##### Provided data

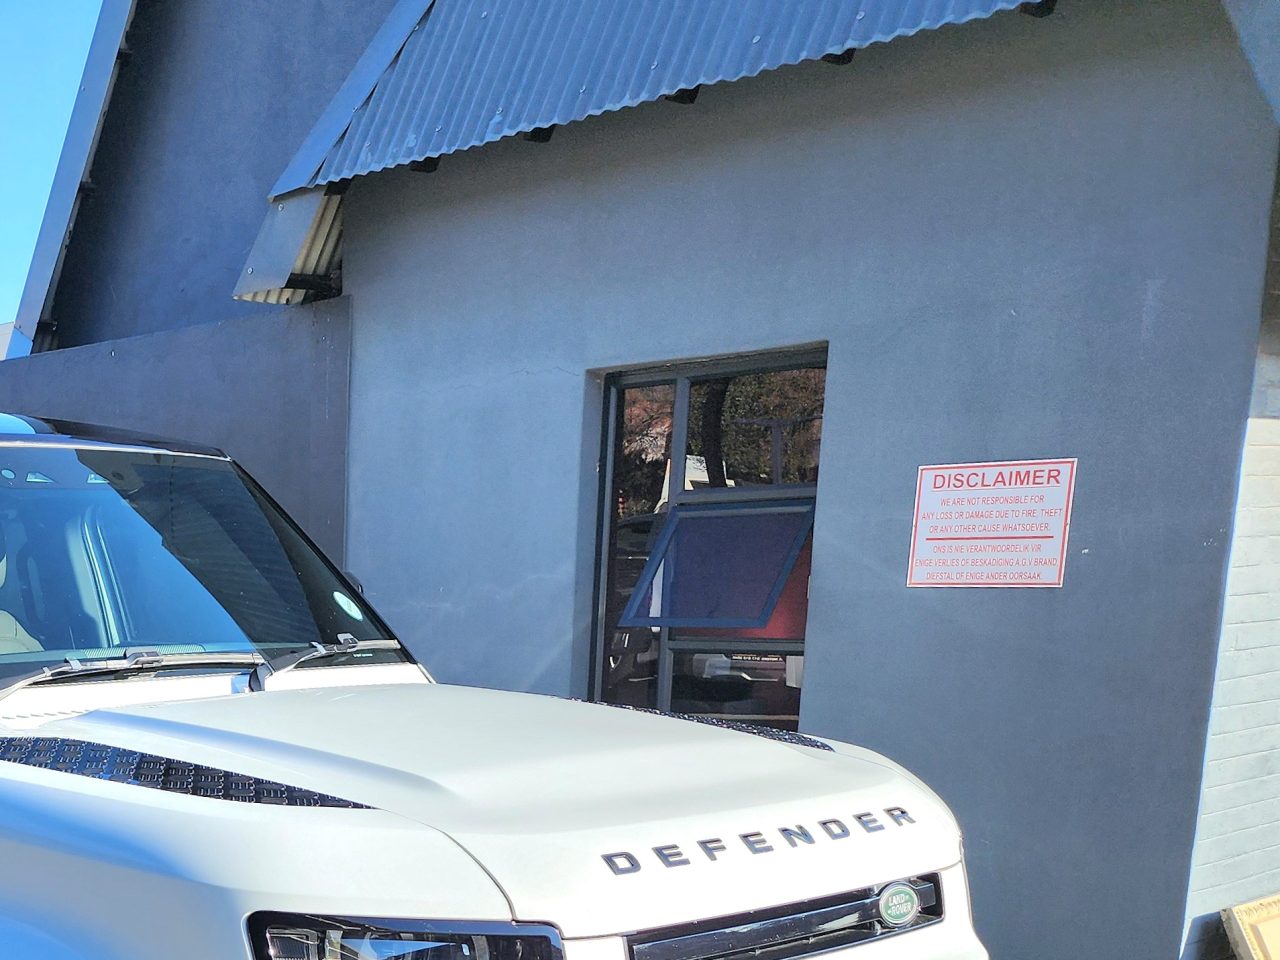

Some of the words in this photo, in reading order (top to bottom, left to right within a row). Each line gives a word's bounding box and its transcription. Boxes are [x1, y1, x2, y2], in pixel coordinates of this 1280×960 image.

[932, 468, 1061, 489] DISCLAIMER
[941, 497, 951, 507] WE
[952, 496, 966, 506] ARE
[967, 496, 980, 506] NOT
[982, 495, 1029, 505] RESPONSIBLE
[1030, 494, 1045, 504] FOR
[921, 511, 935, 520] ANY
[936, 511, 953, 520] LOSS
[954, 511, 964, 520] OR
[965, 510, 994, 519] DAMAGE
[995, 509, 1009, 519] DUE
[1011, 509, 1020, 518] TO
[1041, 507, 1063, 517] THEFT
[929, 525, 939, 534] OR
[940, 524, 953, 533] ANY
[954, 524, 977, 533] OTHER
[977, 523, 1001, 533] CAUSE
[965, 543, 1030, 553] VERANTWOORDELIK
[1030, 543, 1042, 552] VIR
[934, 558, 960, 567] VERLIES
[960, 558, 970, 567] OF
[970, 558, 1014, 567] BESKADIGING
[926, 571, 955, 580] DIEFSTAL
[955, 571, 965, 580] OF
[965, 571, 985, 580] ENIGE
[985, 571, 1008, 580] ANDER
[601, 806, 917, 875] DEFENDER
[888, 893, 906, 907] LAND
[890, 902, 912, 916] ROVER
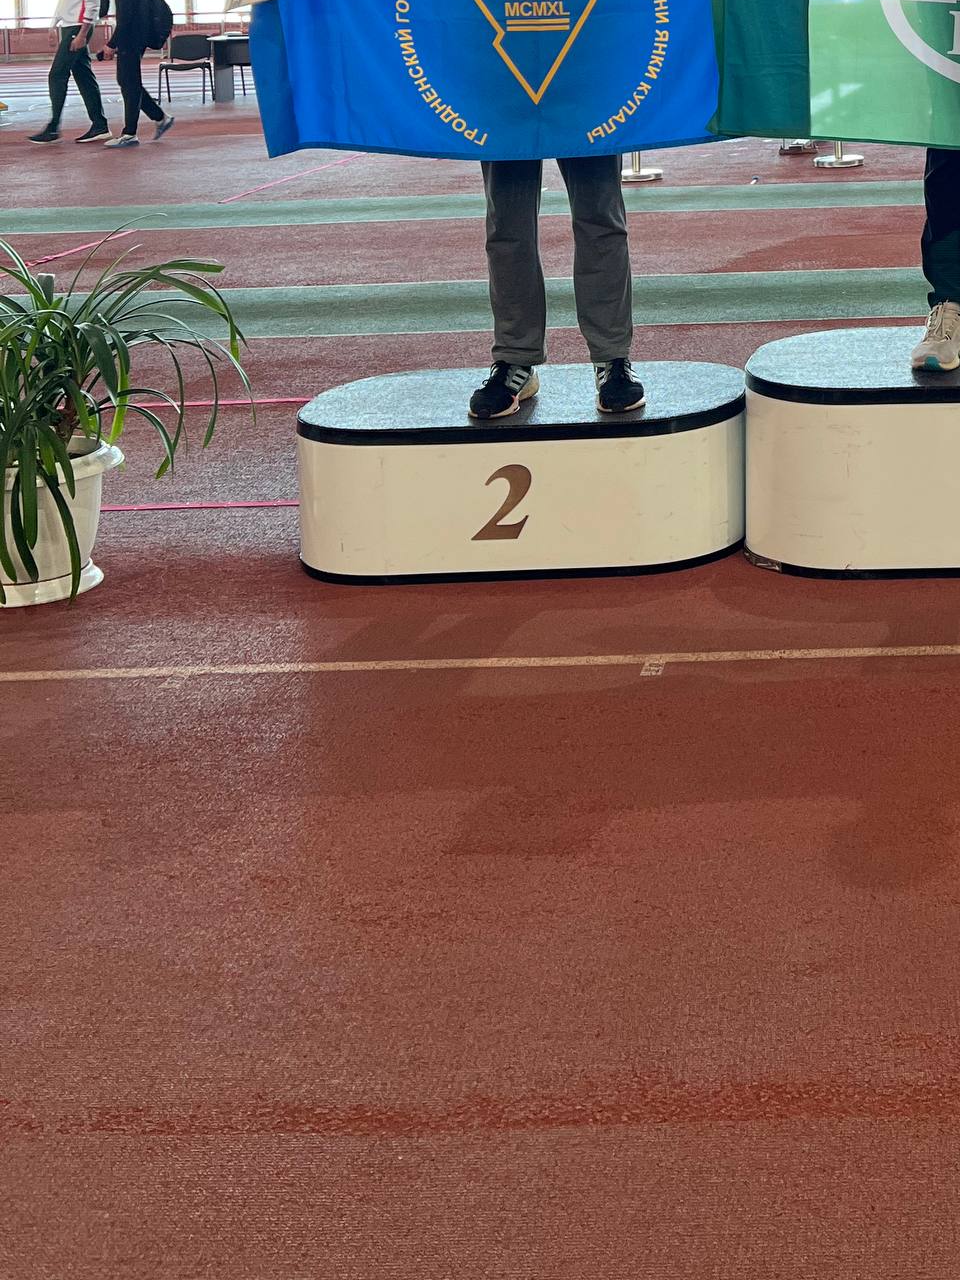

##########

▸ **The problem**
Pictures stay out; everything else in the listing above is to be repeated exactly.

▸ **Answer area**
Some of the words in this photo, in reading order (top to bottom, left to right within a row). Each line gives a word's bounding box and its transcription. Boxes are [x1, y1, x2, y2], in pixel coordinates of this 1280×960 image.

[932, 468, 1061, 489] DISCLAIMER
[941, 497, 951, 507] WE
[952, 496, 966, 506] ARE
[967, 496, 980, 506] NOT
[982, 495, 1029, 505] RESPONSIBLE
[1030, 494, 1045, 504] FOR
[921, 511, 935, 520] ANY
[936, 511, 953, 520] LOSS
[954, 511, 964, 520] OR
[965, 510, 994, 519] DAMAGE
[995, 509, 1009, 519] DUE
[1011, 509, 1020, 518] TO
[1041, 507, 1063, 517] THEFT
[929, 525, 939, 534] OR
[940, 524, 953, 533] ANY
[954, 524, 977, 533] OTHER
[977, 523, 1001, 533] CAUSE
[965, 543, 1030, 553] VERANTWOORDELIK
[1030, 543, 1042, 552] VIR
[934, 558, 960, 567] VERLIES
[960, 558, 970, 567] OF
[970, 558, 1014, 567] BESKADIGING
[926, 571, 955, 580] DIEFSTAL
[955, 571, 965, 580] OF
[965, 571, 985, 580] ENIGE
[985, 571, 1008, 580] ANDER
[601, 806, 917, 875] DEFENDER
[888, 893, 906, 907] LAND
[890, 902, 912, 916] ROVER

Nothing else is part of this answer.